● Data to process

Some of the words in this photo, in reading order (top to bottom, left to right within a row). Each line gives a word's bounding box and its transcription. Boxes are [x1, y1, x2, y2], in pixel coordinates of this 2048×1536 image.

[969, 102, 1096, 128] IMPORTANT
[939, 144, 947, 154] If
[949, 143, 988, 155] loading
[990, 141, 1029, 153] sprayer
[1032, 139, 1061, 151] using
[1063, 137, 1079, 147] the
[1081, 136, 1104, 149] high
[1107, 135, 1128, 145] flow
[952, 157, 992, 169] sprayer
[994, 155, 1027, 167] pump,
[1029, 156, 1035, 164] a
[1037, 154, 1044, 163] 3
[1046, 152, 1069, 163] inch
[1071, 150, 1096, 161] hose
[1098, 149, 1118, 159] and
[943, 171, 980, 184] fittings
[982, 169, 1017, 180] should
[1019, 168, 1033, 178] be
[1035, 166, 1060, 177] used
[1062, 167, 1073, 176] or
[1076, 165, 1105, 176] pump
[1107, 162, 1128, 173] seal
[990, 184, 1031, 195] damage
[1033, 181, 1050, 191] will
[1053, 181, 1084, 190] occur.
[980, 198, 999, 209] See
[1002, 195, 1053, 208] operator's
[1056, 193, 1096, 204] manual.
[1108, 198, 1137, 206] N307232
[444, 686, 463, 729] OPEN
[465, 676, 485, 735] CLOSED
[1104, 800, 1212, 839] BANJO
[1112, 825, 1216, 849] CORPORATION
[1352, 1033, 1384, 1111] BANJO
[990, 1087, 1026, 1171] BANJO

● Task to carry out
Every line of the listing is to be returned exactly as written.

● Written response
Some of the words in this photo, in reading order (top to bottom, left to right within a row). Each line gives a word's bounding box and its transcription. Boxes are [x1, y1, x2, y2], in pixel coordinates of this 2048×1536 image.

[969, 102, 1096, 128] IMPORTANT
[939, 144, 947, 154] If
[949, 143, 988, 155] loading
[990, 141, 1029, 153] sprayer
[1032, 139, 1061, 151] using
[1063, 137, 1079, 147] the
[1081, 136, 1104, 149] high
[1107, 135, 1128, 145] flow
[952, 157, 992, 169] sprayer
[994, 155, 1027, 167] pump,
[1029, 156, 1035, 164] a
[1037, 154, 1044, 163] 3
[1046, 152, 1069, 163] inch
[1071, 150, 1096, 161] hose
[1098, 149, 1118, 159] and
[943, 171, 980, 184] fittings
[982, 169, 1017, 180] should
[1019, 168, 1033, 178] be
[1035, 166, 1060, 177] used
[1062, 167, 1073, 176] or
[1076, 165, 1105, 176] pump
[1107, 162, 1128, 173] seal
[990, 184, 1031, 195] damage
[1033, 181, 1050, 191] will
[1053, 181, 1084, 190] occur.
[980, 198, 999, 209] See
[1002, 195, 1053, 208] operator's
[1056, 193, 1096, 204] manual.
[1108, 198, 1137, 206] N307232
[444, 686, 463, 729] OPEN
[465, 676, 485, 735] CLOSED
[1104, 800, 1212, 839] BANJO
[1112, 825, 1216, 849] CORPORATION
[1352, 1033, 1384, 1111] BANJO
[990, 1087, 1026, 1171] BANJO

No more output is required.